CVE-2025-2874: 
WordPress vulnerability analysis and mitigation

CVE-2025-2874 affects the User Submitted Posts WordPress plugin (versions up to and including 20240319) and involves a Stored Cross-Site Scripting vulnerability via admin settings. The vulnerability was discovered and disclosed on April 3, 2025, and affects multi-site installations and installations where unfiltered_html has been disabled (NVD CVE).

The vulnerability stems from insufficient input sanitization and output escaping in the plugin's admin settings. This security flaw allows authenticated attackers with administrator-level permissions to inject arbitrary web scripts into pages. These injected scripts will execute whenever a user accesses the affected page. The vulnerability has been assigned a CVSS v3.1 base score of 4.4 (MEDIUM) with the vector string CVSS:3.1/AV:N/AC:H/PR:H/UI:N/S:C/C:L/I:L/A:N (NVD CVE).

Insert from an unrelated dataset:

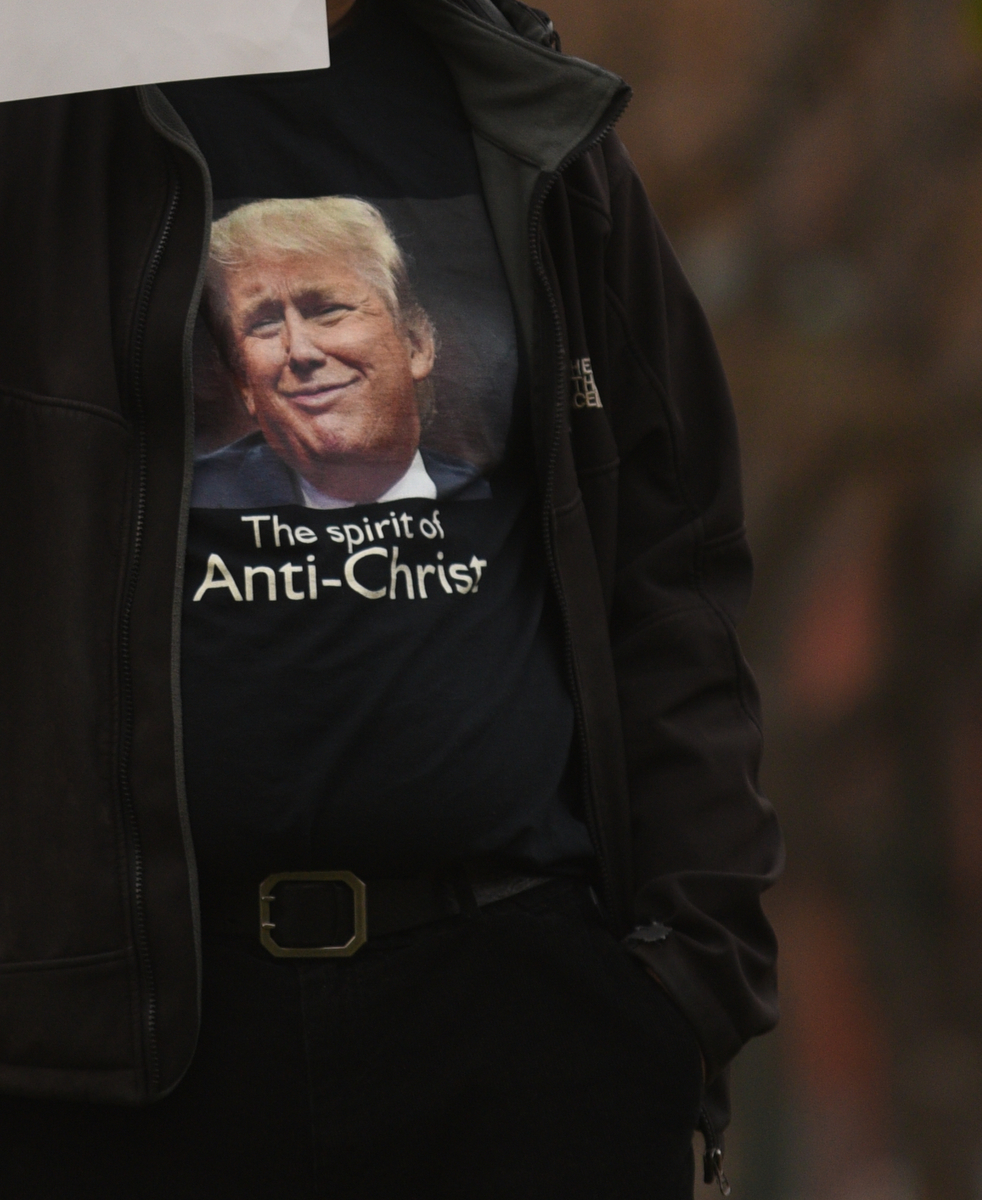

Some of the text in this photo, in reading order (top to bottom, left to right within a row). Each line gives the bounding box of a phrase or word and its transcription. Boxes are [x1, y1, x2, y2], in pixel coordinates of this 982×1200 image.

When exploited, this vulnerability allows authenticated attackers with administrator-level permissions to inject malicious web scripts that execute in users' browsers when they visit affected pages. This could potentially lead to session hijacking, credential theft, or other client-side attacks (NVD CVE).

The vulnerability has been addressed in version 20250327 of the User Submitted Posts plugin, which improves sanitization of the custom checkbox field. Users are advised to update to this latest version to protect against potential exploitation (WordPress Plugin).